Reconfortado com a notícia, voltou-se a sentar e ter um pouco de paz antes de ouvir o sino do telefone tocando insistentemente. Sabia que devia ser seu amigo disposto a incomodar novamente, então deixou o aparelho cair no atendimento automático. Mas, a voz que saiu do telefone não foi exatamente o que ele esperava, fazendo seu corpo ficar imóvel e seu peito apertar em uma doce dor.

“Eu entendo que você não quer falar comigo, mas também sei que está aí, postado ao lado nessa sua poltrona que tanto gosta. - Começou uma doce e trêmula voz feminina. - Eu provavelmente não vou me lembrar disso amanhã, então espero que não esteja sendo gravado na sua secretária e que você não esteja ouvindo. Aquela garrafa de champanhe que você esqueceu aqui está sendo muito útil. É uma bebida muito ruim, mas ajuda a pensar. Muito mágico isso.”
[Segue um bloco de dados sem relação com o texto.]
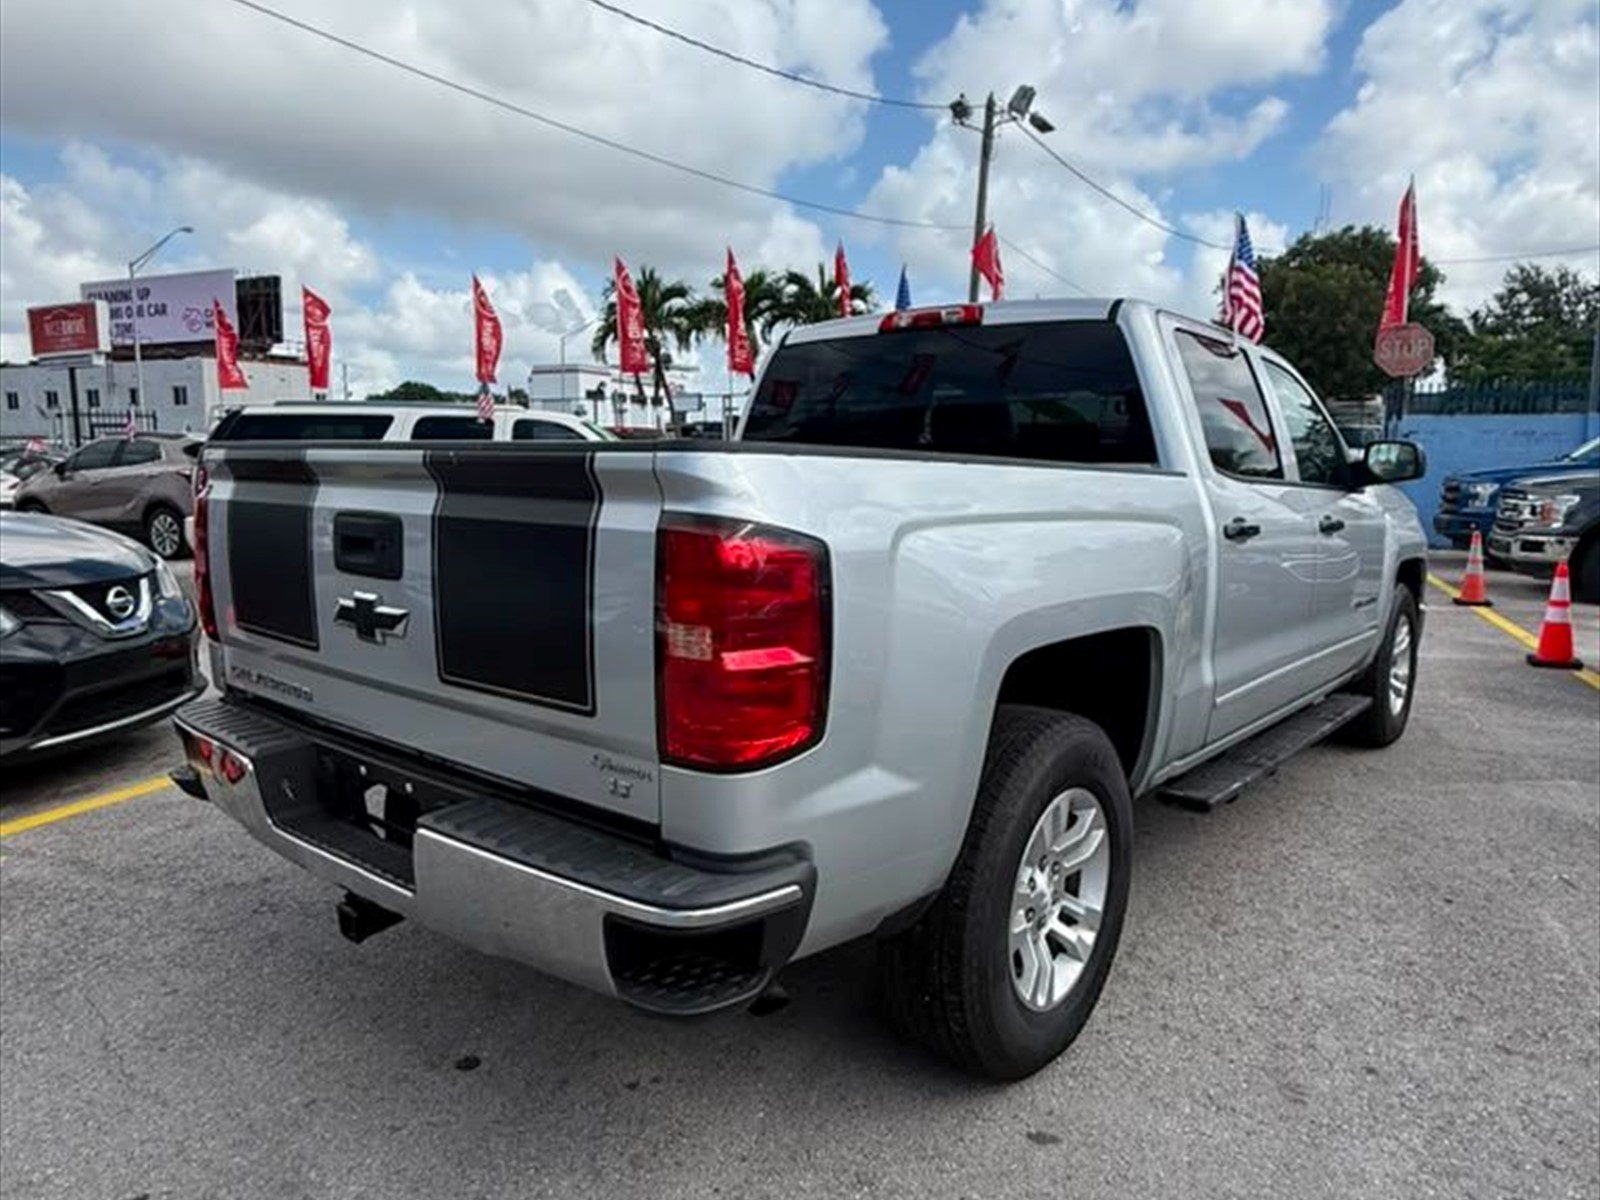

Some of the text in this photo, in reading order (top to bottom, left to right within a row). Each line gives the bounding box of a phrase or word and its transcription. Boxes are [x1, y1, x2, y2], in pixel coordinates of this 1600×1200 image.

“Mas eu estou ligando para poder falar o que realmente queria ter dito. Você não tem o direito de estragar a sua vida por minha causa. Não é justo! Eu não tenho nada além de uma vida meia boca como ajudante em um escritório meia boca. Pedir para você ficar seria uma injustiça muito grande e eu percebi isso vendo sua apresentação hoje.”
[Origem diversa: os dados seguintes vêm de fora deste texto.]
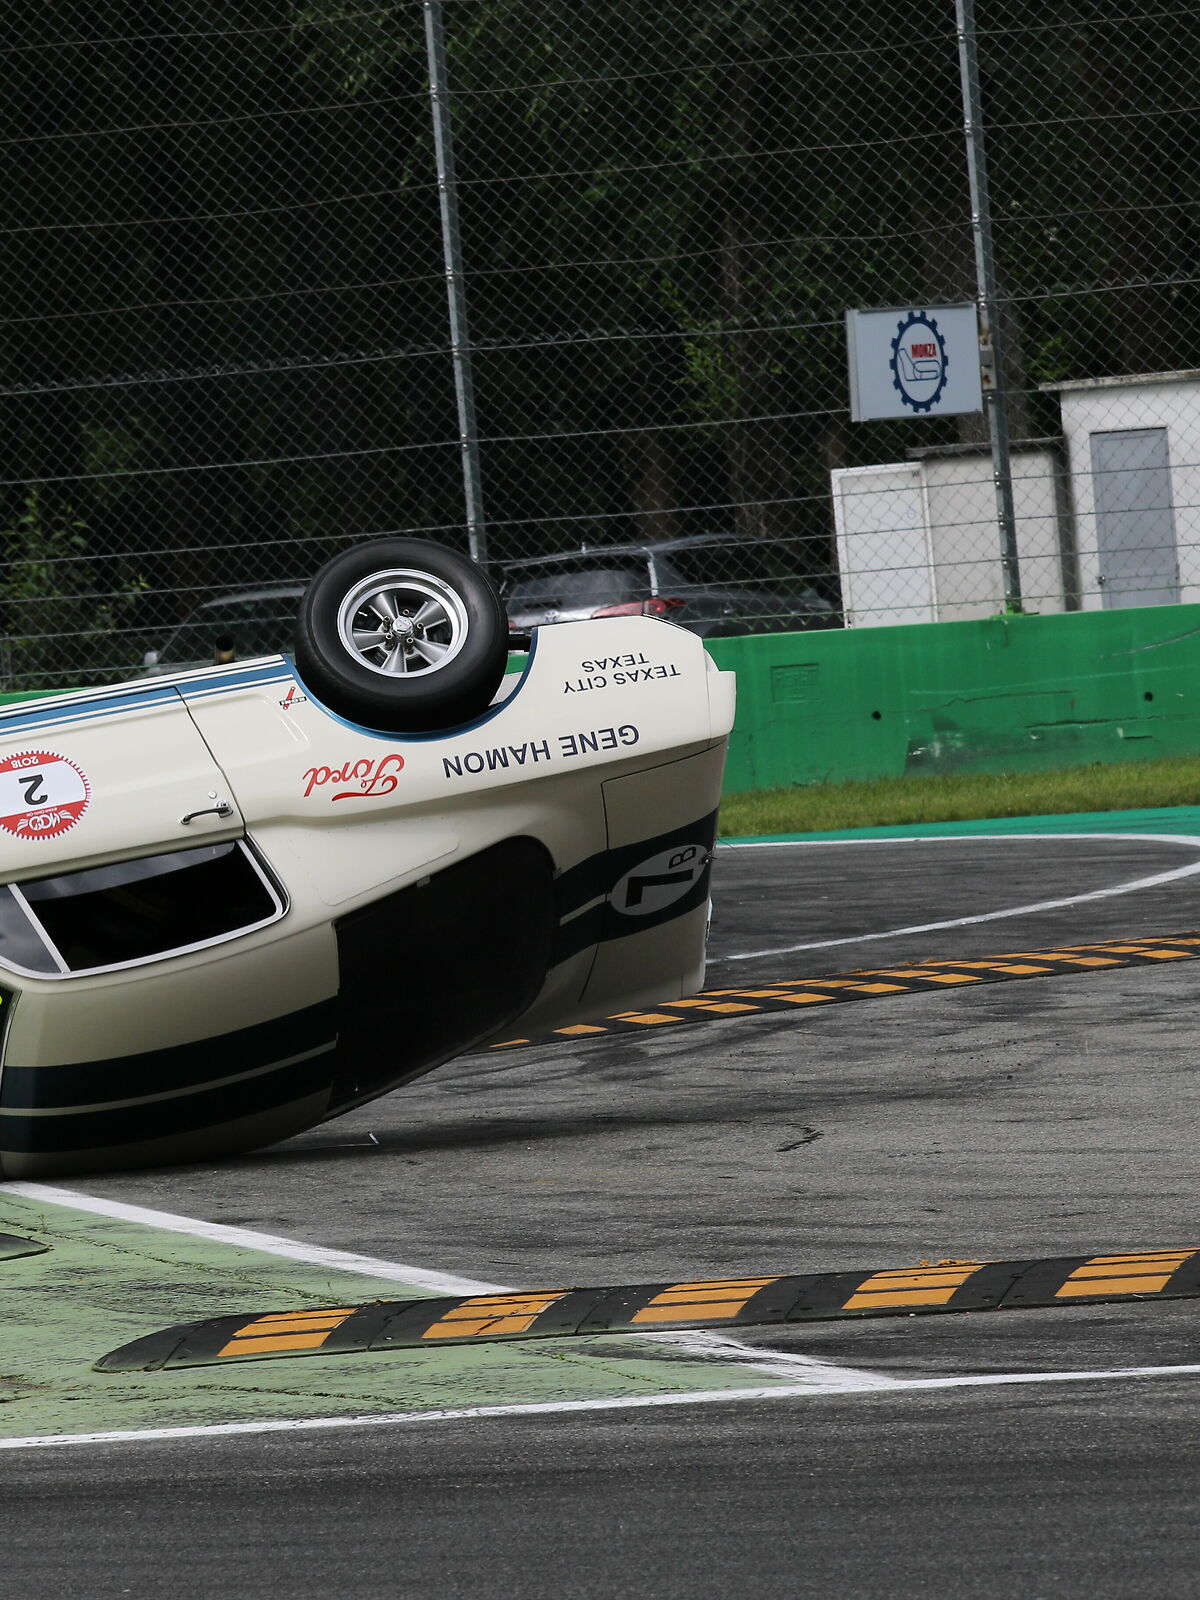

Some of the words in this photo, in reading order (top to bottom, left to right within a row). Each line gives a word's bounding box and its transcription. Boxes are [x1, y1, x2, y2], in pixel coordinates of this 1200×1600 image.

[911, 343, 937, 358] MONZA
[580, 651, 650, 674] TEXAS
[560, 673, 608, 695] CITY
[610, 663, 682, 687] TEXAS
[557, 723, 640, 759] GENE
[10, 755, 39, 769] 2018
[440, 738, 552, 779] HAMON
[18, 774, 48, 806] 2
[302, 753, 405, 803] Ford
“E eu não digo isso apenas por causa dos diversos cientistas que te aplaudiram de pé no final, mas também pelo brilho em seus olhos enquanto falava, o sorriso escondido na seriedade imposta pela ocasião e o resplendor da realização e sucesso que o circundava. Não posso que deixe de ser essa figura perfeita apenas para fazer com que meu coração sinta a mais profunda alegria de uma alma realizada.”

“Agora sim eu terminei de falar tudo que tinha para falar e, do fundo do meu coração, espero que você me odeie da mesma forma e proporção com que sempre te amarei.”

- Te odiar vai ser impossível. - A caneca que antes havia café estava em pedaços no chão e o telefone tremia em sua mão enquanto reunia forças para responder. - Toda vez que ver o sorriso de uma criança lembrarei do doce prazer de te ver sorrir. Cada vez que eu sentir a brisa fresca da manhã meu coração ficará pequeno com as lembranças das melhores alvoradas de minha vida quando a via em meus braços. E injustiça maior é fazer com que duas almas chorem a distância enquanto um simples empecilho as mantém afastadas e sofrendo.

Os dois permaneceram no mais absoluto silêncio enquanto pequenas lágrimas escorriam do cansado rosto do jovem que tinha todo o seu ser focado na busca de sua ouvinte enquanto o sol preenchia o quarto com as boas-vindas para mais uma manhã na vida cotidiana dos amantes.